== WORK TO BE COMPLETED ==
Copy each entry below exactly.

== GIVEN INFORMATION ==
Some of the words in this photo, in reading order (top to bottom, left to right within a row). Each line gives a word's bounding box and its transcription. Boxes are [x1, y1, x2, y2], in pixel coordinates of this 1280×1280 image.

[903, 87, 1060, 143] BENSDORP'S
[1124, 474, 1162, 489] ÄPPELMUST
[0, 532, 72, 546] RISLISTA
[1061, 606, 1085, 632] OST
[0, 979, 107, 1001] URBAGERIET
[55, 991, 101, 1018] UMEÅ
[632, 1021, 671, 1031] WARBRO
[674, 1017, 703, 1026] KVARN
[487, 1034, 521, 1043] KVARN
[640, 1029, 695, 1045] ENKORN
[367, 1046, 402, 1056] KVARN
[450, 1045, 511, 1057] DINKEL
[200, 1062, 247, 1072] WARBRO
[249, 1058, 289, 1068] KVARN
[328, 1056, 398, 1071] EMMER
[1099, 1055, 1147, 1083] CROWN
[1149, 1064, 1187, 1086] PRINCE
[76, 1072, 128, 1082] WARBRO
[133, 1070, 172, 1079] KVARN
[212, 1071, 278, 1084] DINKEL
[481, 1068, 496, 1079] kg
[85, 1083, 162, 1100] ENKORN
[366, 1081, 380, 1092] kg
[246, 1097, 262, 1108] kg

== WRITTEN REPLY ==
Some of the words in this photo, in reading order (top to bottom, left to right within a row). Each line gives a word's bounding box and its transcription. Boxes are [x1, y1, x2, y2], in pixel coordinates of this 1280×1280 image.

[903, 87, 1060, 143] BENSDORP'S
[1124, 474, 1162, 489] ÄPPELMUST
[0, 532, 72, 546] RISLISTA
[1061, 606, 1085, 632] OST
[0, 979, 107, 1001] URBAGERIET
[55, 991, 101, 1018] UMEÅ
[632, 1021, 671, 1031] WARBRO
[674, 1017, 703, 1026] KVARN
[487, 1034, 521, 1043] KVARN
[640, 1029, 695, 1045] ENKORN
[367, 1046, 402, 1056] KVARN
[450, 1045, 511, 1057] DINKEL
[200, 1062, 247, 1072] WARBRO
[249, 1058, 289, 1068] KVARN
[328, 1056, 398, 1071] EMMER
[1099, 1055, 1147, 1083] CROWN
[1149, 1064, 1187, 1086] PRINCE
[76, 1072, 128, 1082] WARBRO
[133, 1070, 172, 1079] KVARN
[212, 1071, 278, 1084] DINKEL
[481, 1068, 496, 1079] kg
[85, 1083, 162, 1100] ENKORN
[366, 1081, 380, 1092] kg
[246, 1097, 262, 1108] kg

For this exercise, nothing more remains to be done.